__Spatial localization data__
____

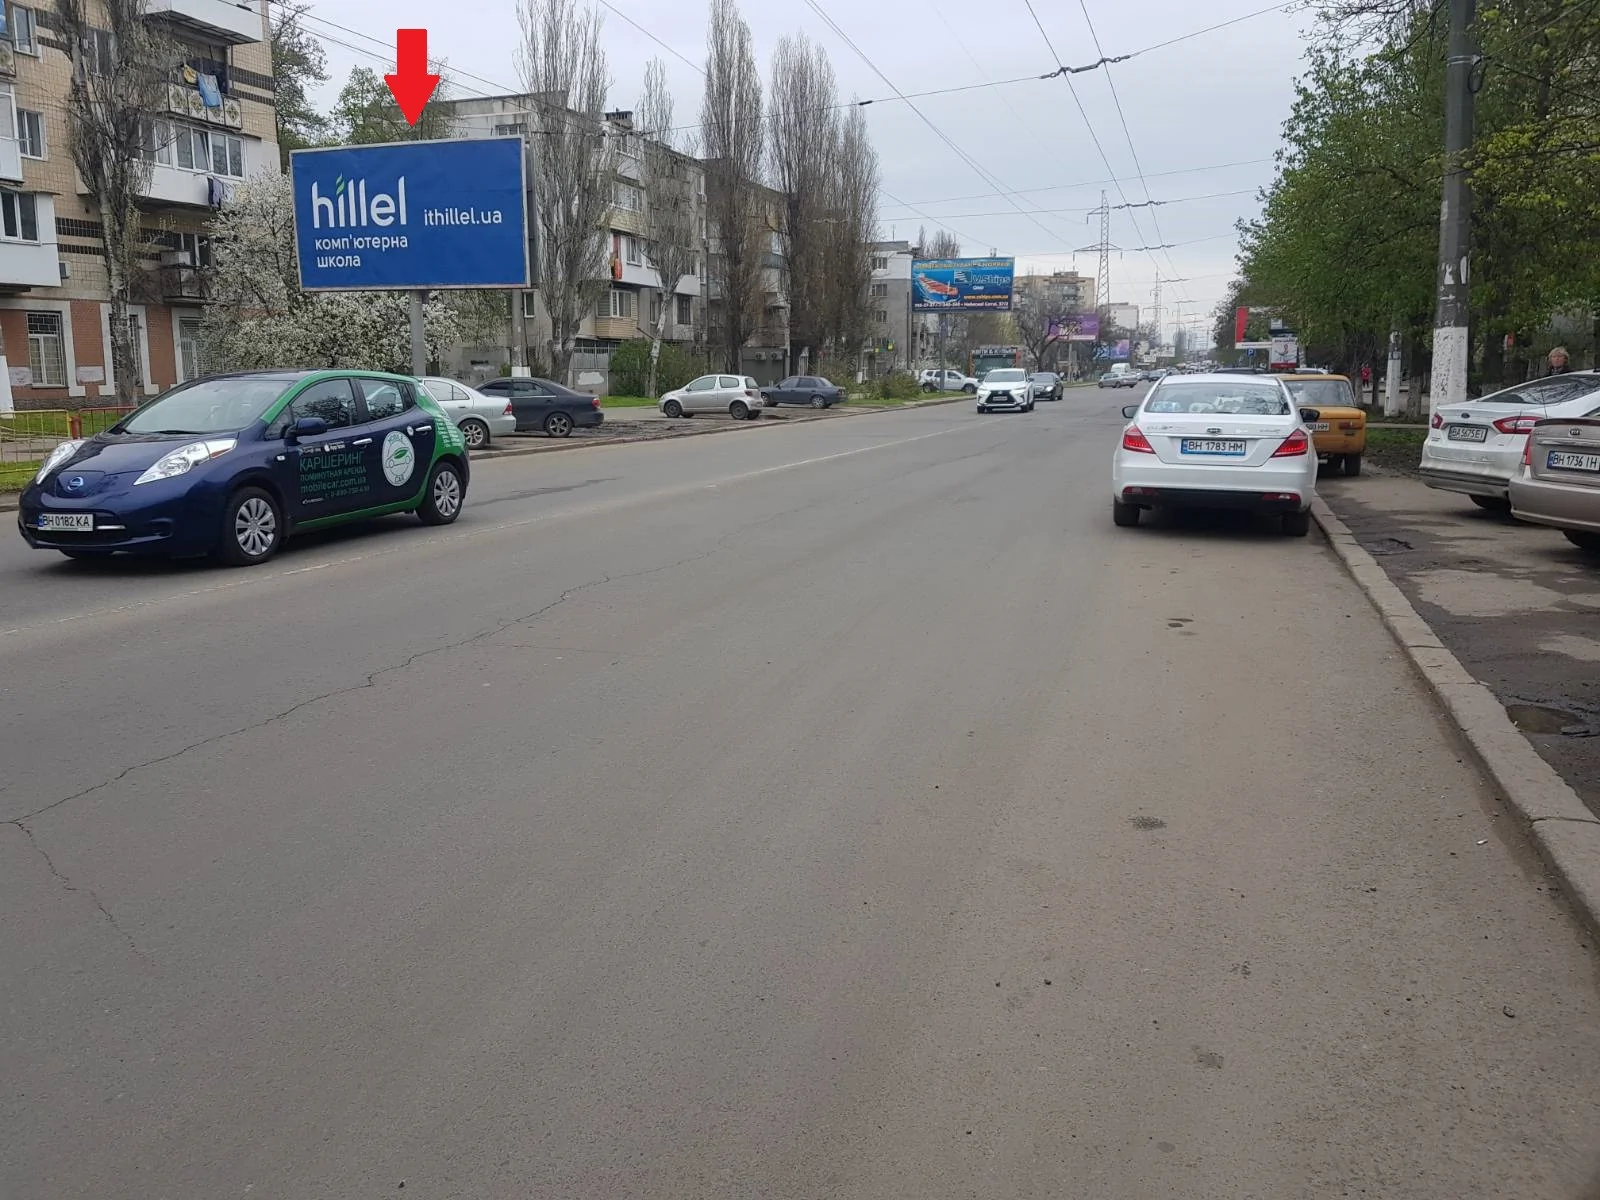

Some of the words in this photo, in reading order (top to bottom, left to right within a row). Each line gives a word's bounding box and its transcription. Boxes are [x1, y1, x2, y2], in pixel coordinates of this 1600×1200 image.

[311, 172, 407, 229] hillel
[424, 207, 502, 226] ithillel.ua
[315, 234, 408, 252] комп'ютерна
[317, 253, 361, 269] школа
[1205, 441, 1226, 451] 1783
[300, 452, 365, 472] КАРШЕРИНГ
[1567, 455, 1584, 466] 1736
[43, 515, 54, 526] BH
[55, 515, 75, 527] 0182
[76, 515, 90, 527] KA

____

__REQUIREMENT__
When you retype the records, keep every word exactly as written and exclude the pictures.

__EXERCISE ANSWER__
Some of the words in this photo, in reading order (top to bottom, left to right within a row). Each line gives a word's bounding box and its transcription. Boxes are [x1, y1, x2, y2], in pixel coordinates of this 1600×1200 image.

[311, 172, 407, 229] hillel
[424, 207, 502, 226] ithillel.ua
[315, 234, 408, 252] комп'ютерна
[317, 253, 361, 269] школа
[1205, 441, 1226, 451] 1783
[300, 452, 365, 472] КАРШЕРИНГ
[1567, 455, 1584, 466] 1736
[43, 515, 54, 526] BH
[55, 515, 75, 527] 0182
[76, 515, 90, 527] KA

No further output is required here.